[What is needed]: The records below must be returned exactly, with every picture left out.

*** Records for the exercise Section Begins ***

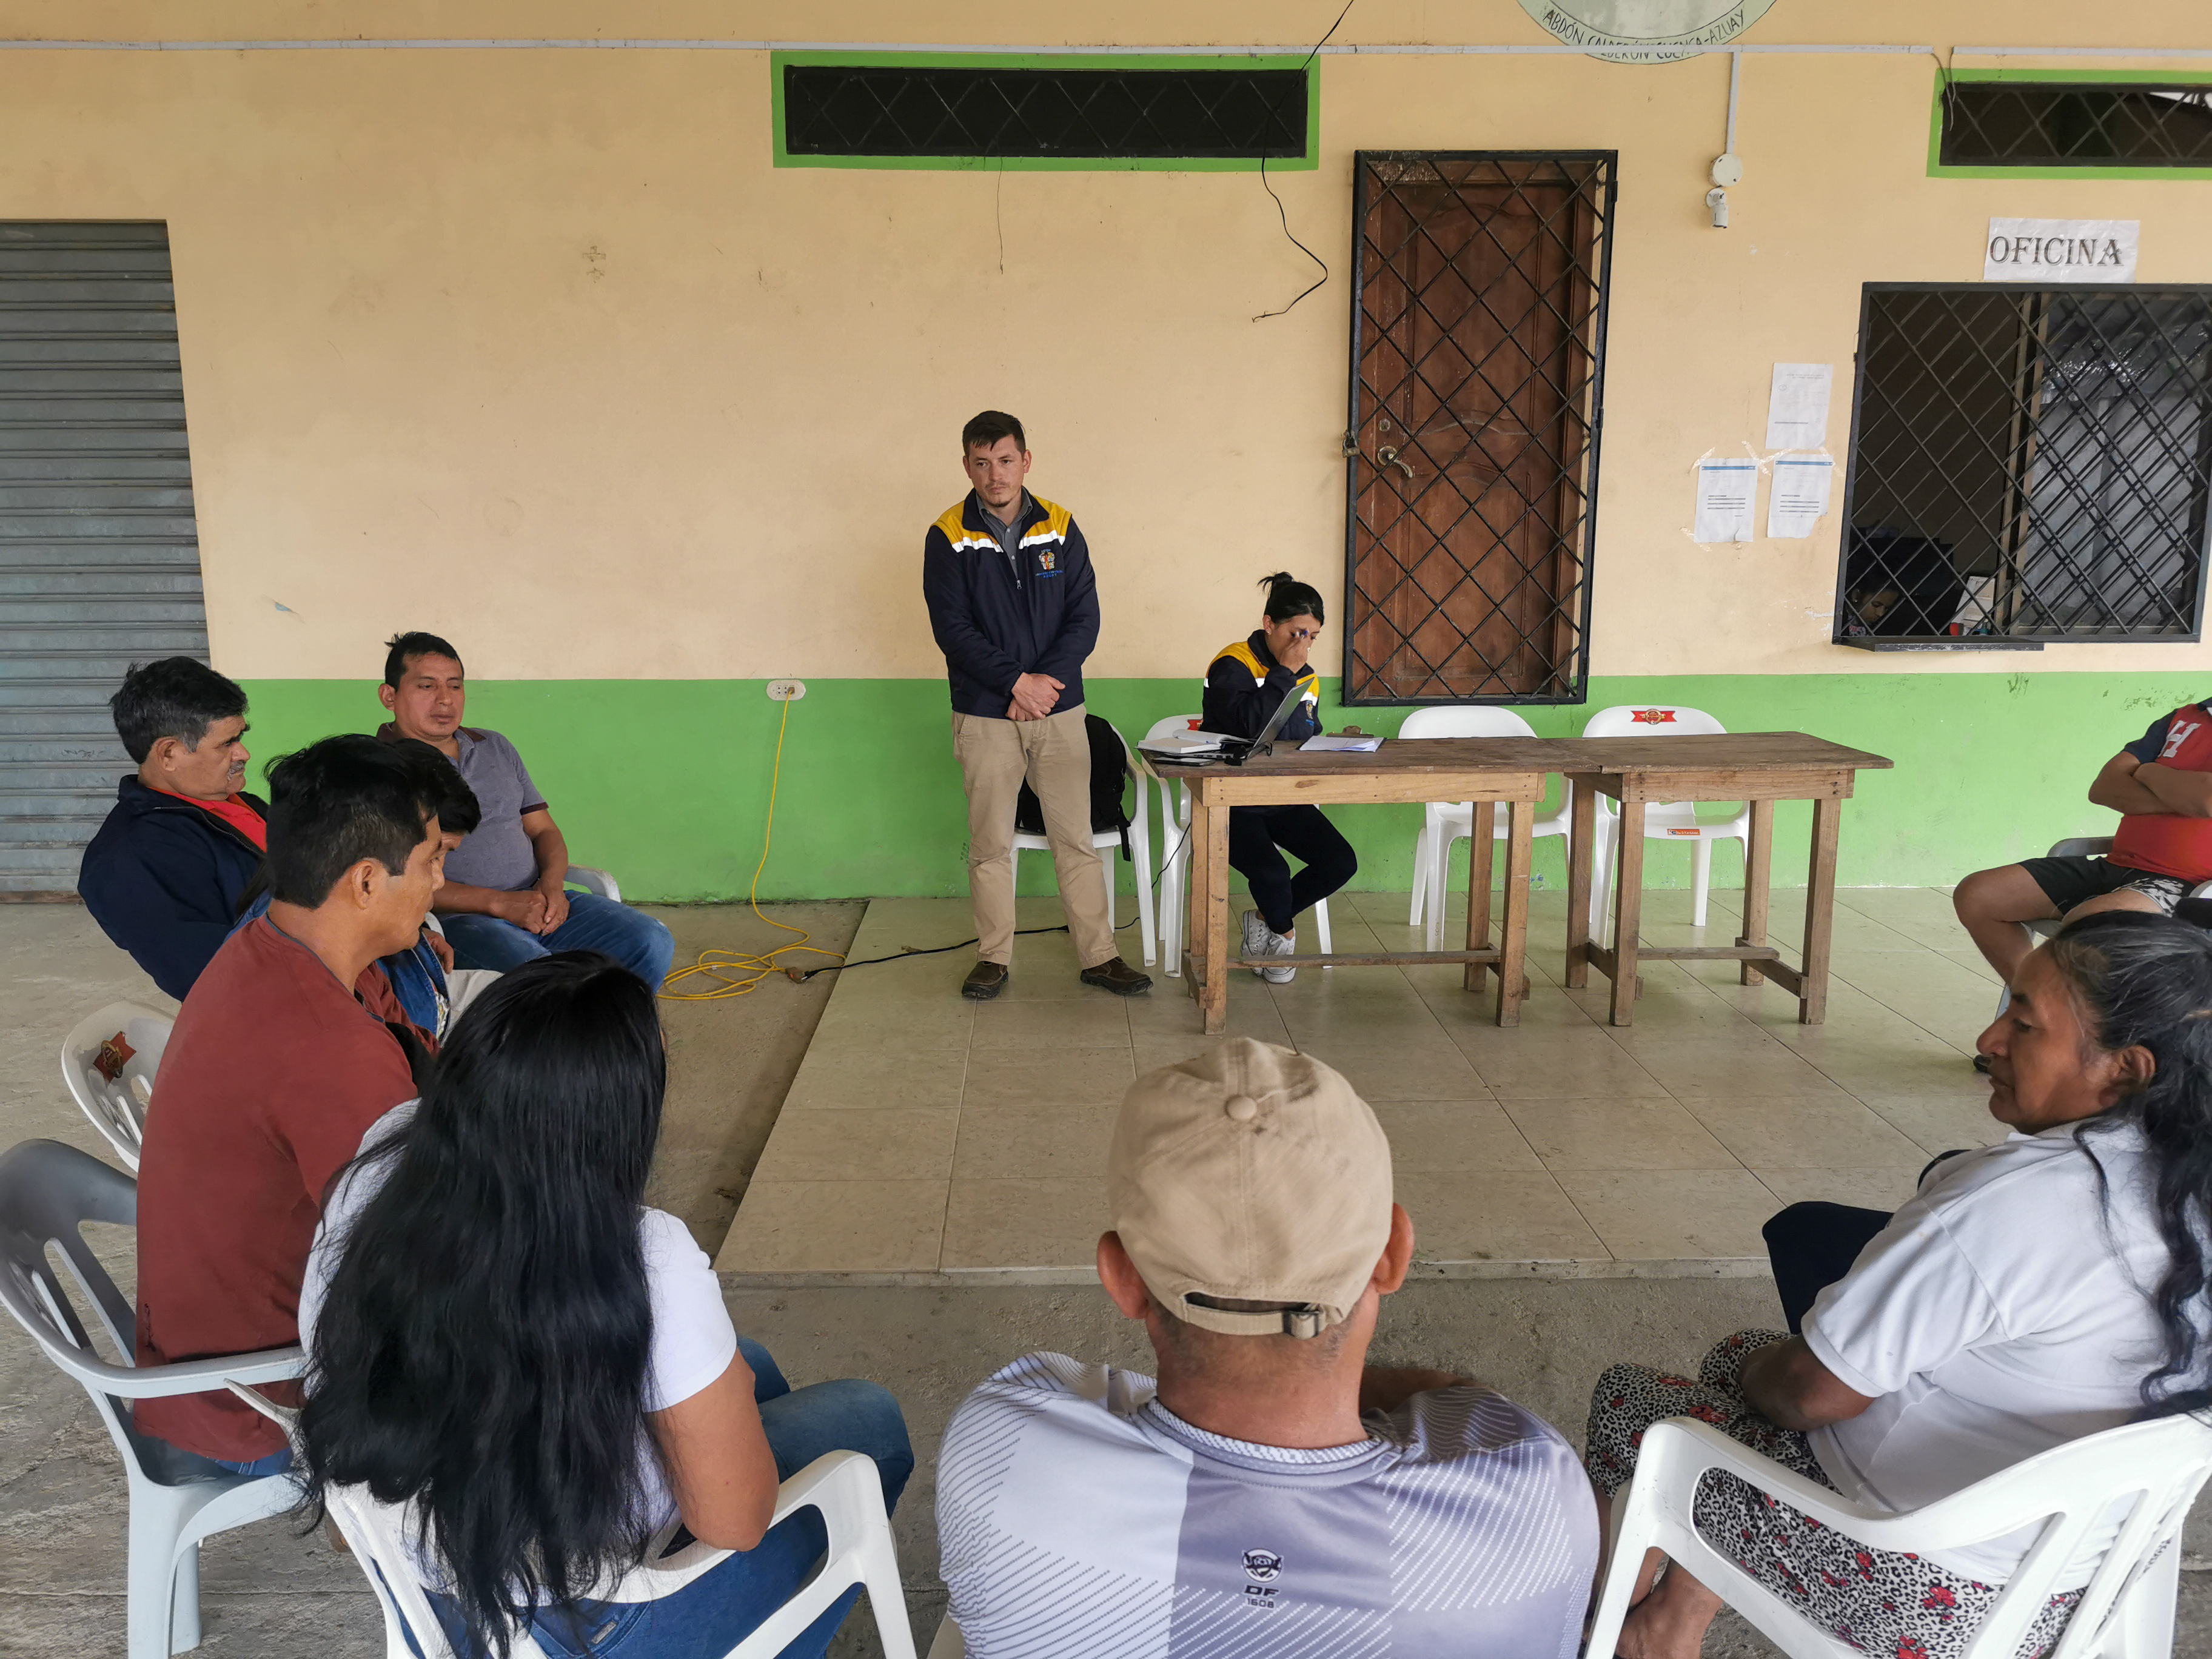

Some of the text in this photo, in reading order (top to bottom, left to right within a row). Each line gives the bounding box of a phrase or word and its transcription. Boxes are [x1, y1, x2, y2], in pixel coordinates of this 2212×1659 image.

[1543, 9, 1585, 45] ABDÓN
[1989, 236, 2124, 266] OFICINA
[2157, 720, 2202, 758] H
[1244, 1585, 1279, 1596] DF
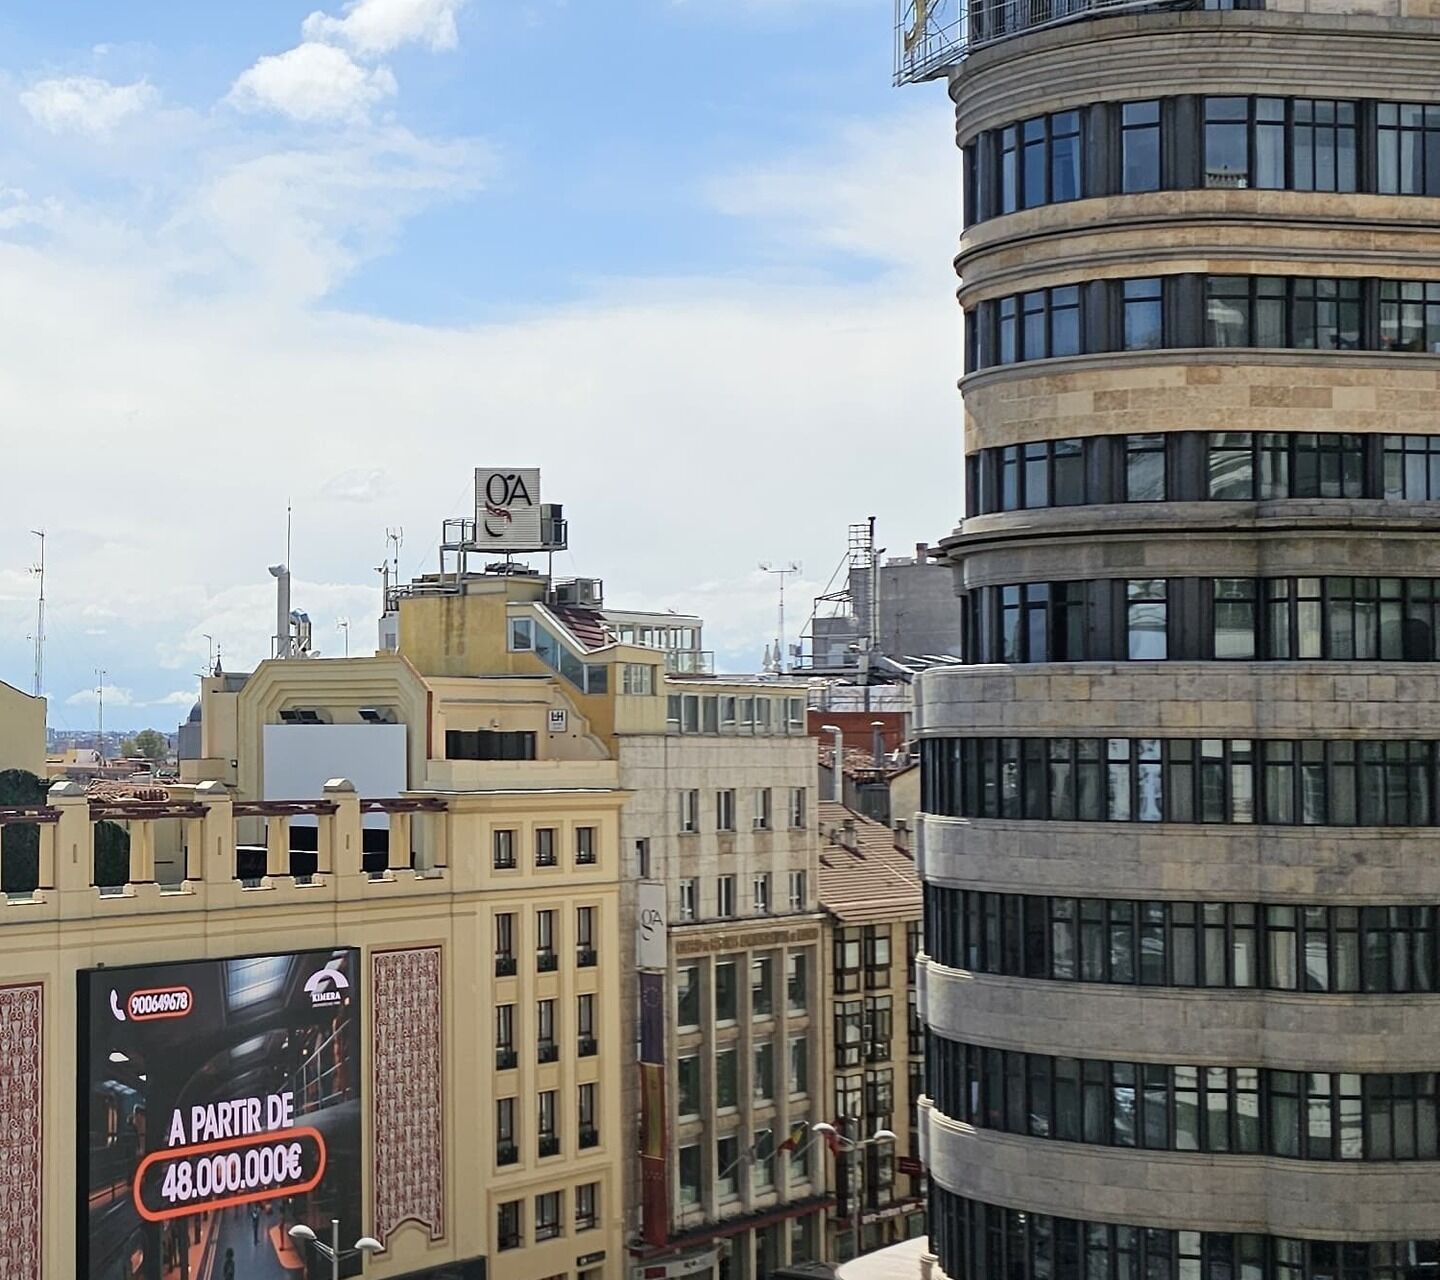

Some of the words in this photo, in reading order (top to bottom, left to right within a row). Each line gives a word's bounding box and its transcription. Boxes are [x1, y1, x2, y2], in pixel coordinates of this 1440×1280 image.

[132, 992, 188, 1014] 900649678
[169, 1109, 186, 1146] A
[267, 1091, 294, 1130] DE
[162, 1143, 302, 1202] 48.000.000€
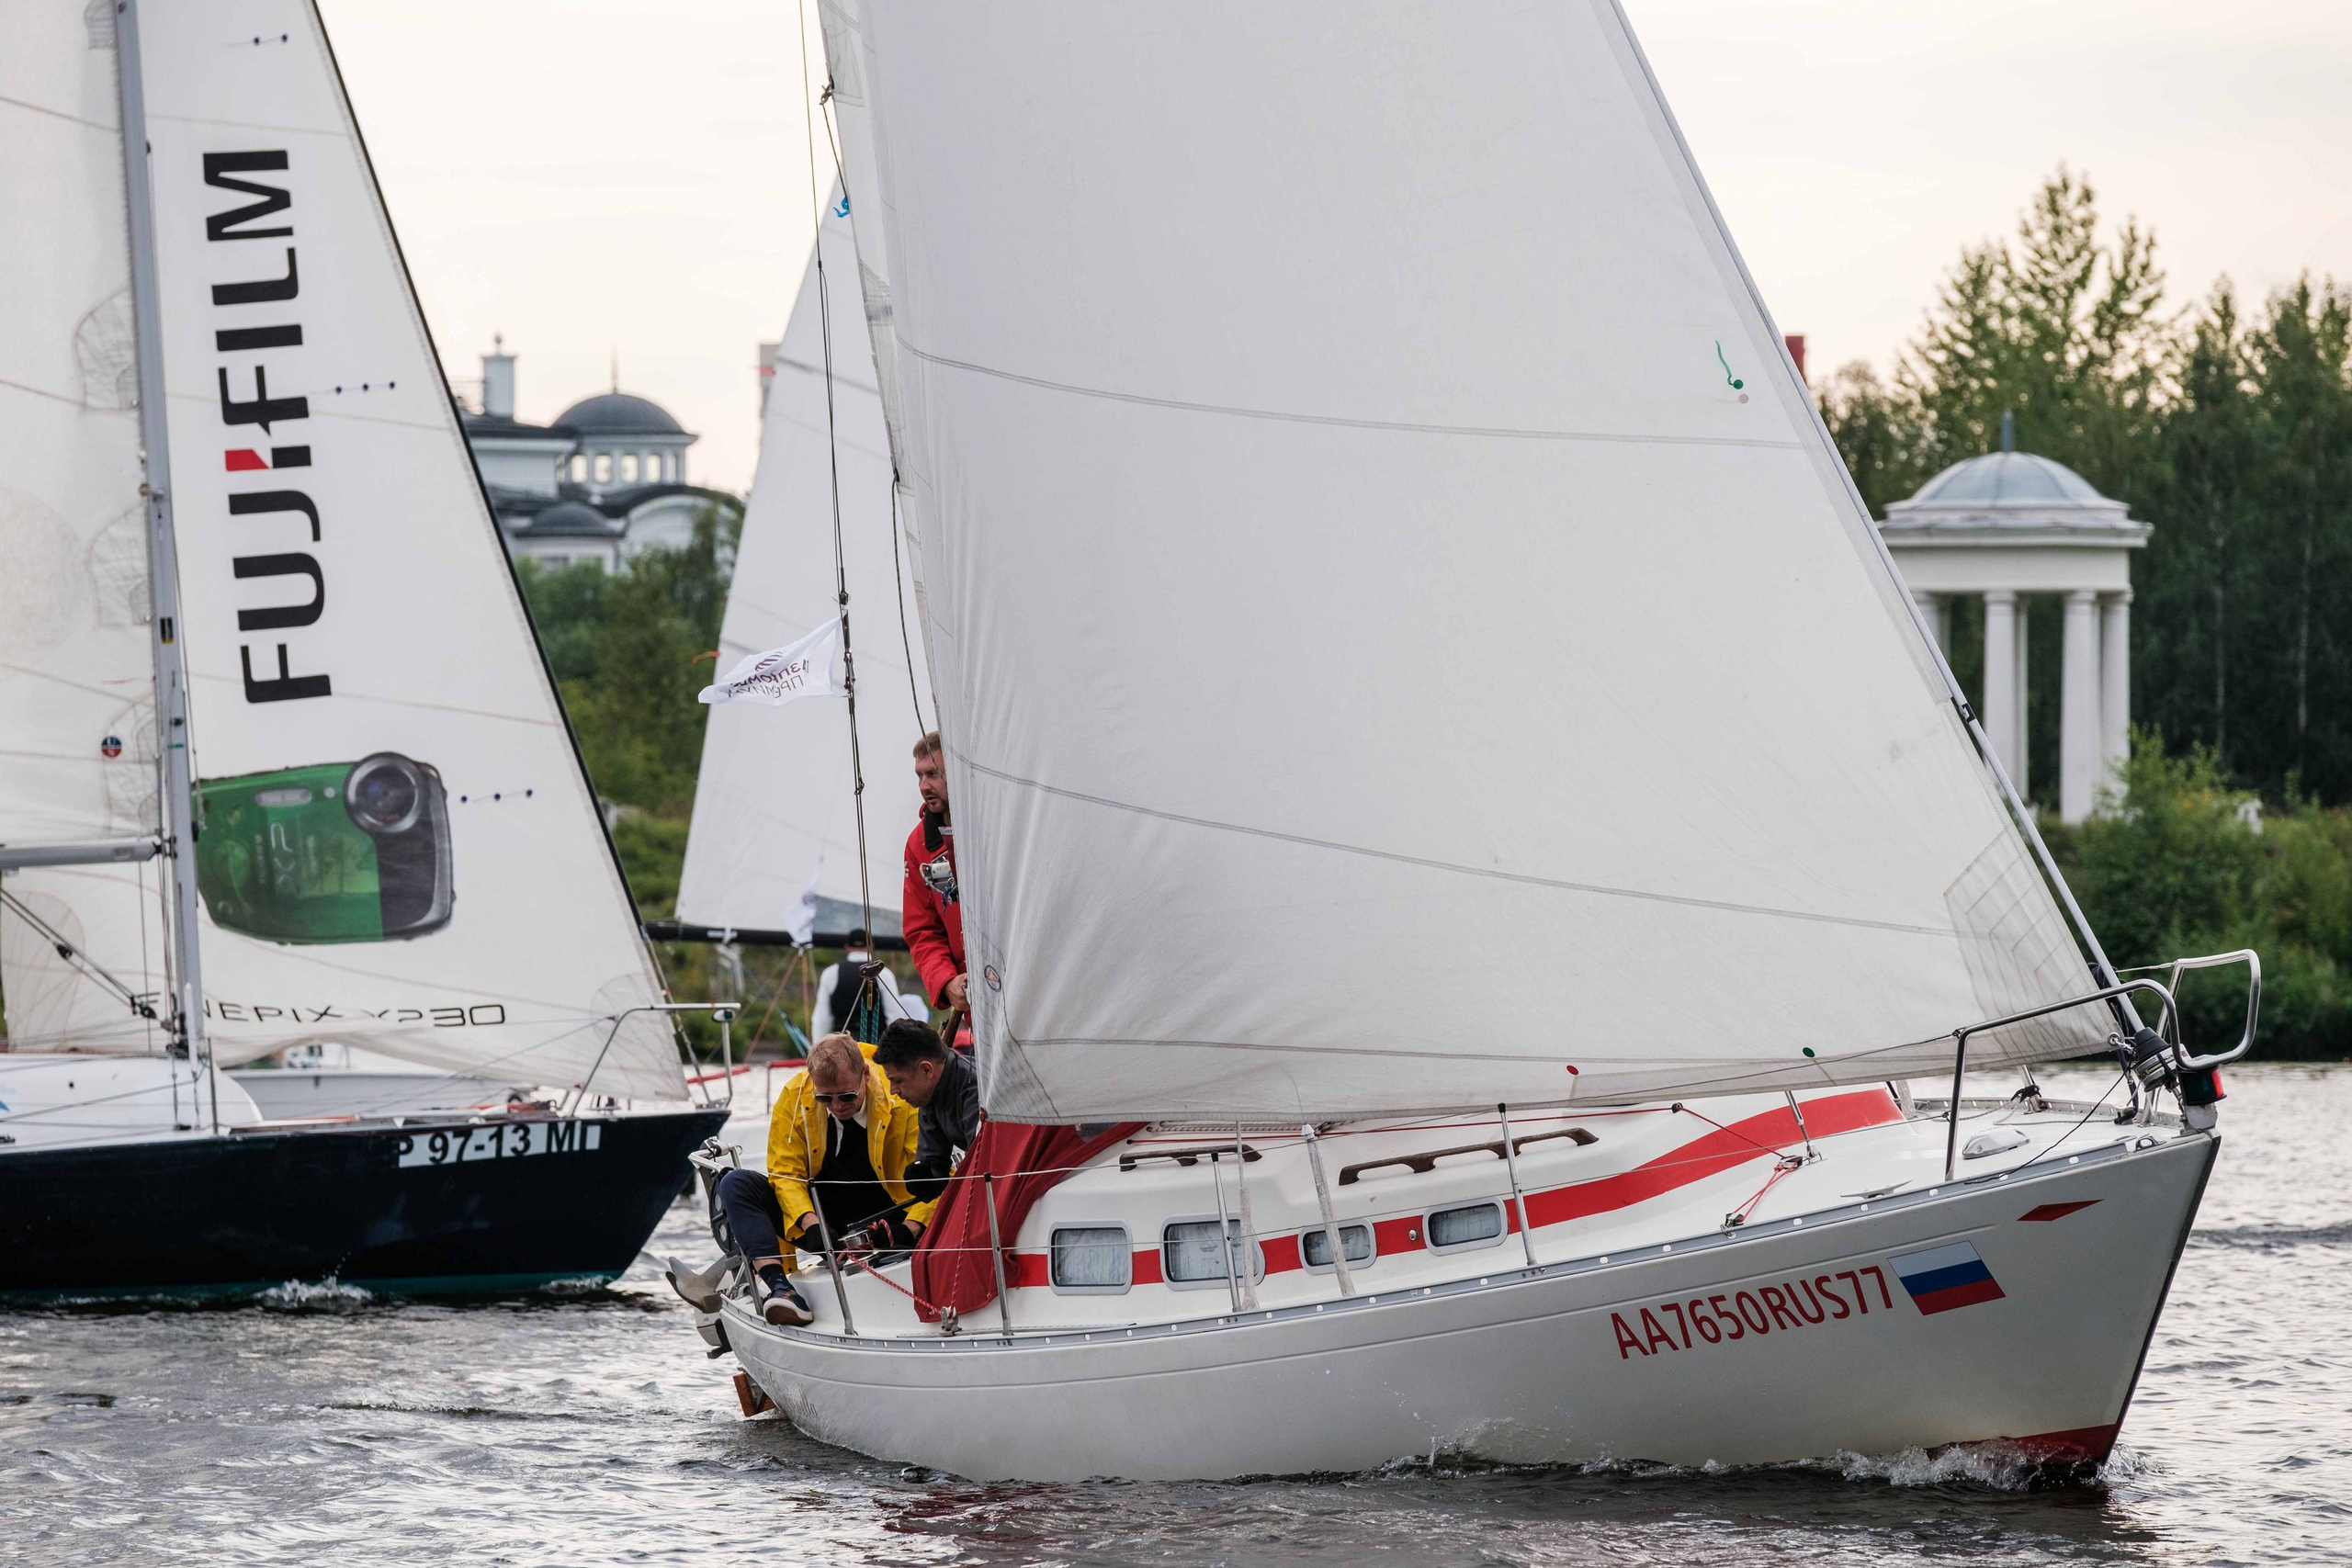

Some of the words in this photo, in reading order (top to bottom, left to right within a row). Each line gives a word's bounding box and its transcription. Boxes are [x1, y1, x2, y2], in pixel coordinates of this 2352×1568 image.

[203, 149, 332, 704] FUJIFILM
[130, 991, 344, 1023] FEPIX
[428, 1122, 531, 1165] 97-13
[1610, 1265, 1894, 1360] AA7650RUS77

*** Records for the exercise Section Ends ***

[Written answer]:
Some of the text in this photo, in reading order (top to bottom, left to right within a row). Each line gives the bounding box of a phrase or word and its transcription. Boxes are [x1, y1, x2, y2], in pixel coordinates of this 2212×1659 image.

[1543, 9, 1585, 45] ABDÓN
[1989, 236, 2124, 266] OFICINA
[2157, 720, 2202, 758] H
[1244, 1585, 1279, 1596] DF

Some of the words in this photo, in reading order (top to bottom, left to right within a row). Each line gives a word's bounding box and its transcription. Boxes are [x1, y1, x2, y2], in pixel coordinates of this 1440×1280 image.

[132, 992, 188, 1014] 900649678
[169, 1109, 186, 1146] A
[267, 1091, 294, 1130] DE
[162, 1143, 302, 1202] 48.000.000€

Some of the words in this photo, in reading order (top to bottom, left to right within a row). Each line gives a word's bounding box and its transcription. Boxes are [x1, y1, x2, y2], in pixel coordinates of this 2352×1568 image.

[203, 149, 332, 704] FUJIFILM
[130, 991, 344, 1023] FEPIX
[428, 1122, 531, 1165] 97-13
[1610, 1265, 1894, 1360] AA7650RUS77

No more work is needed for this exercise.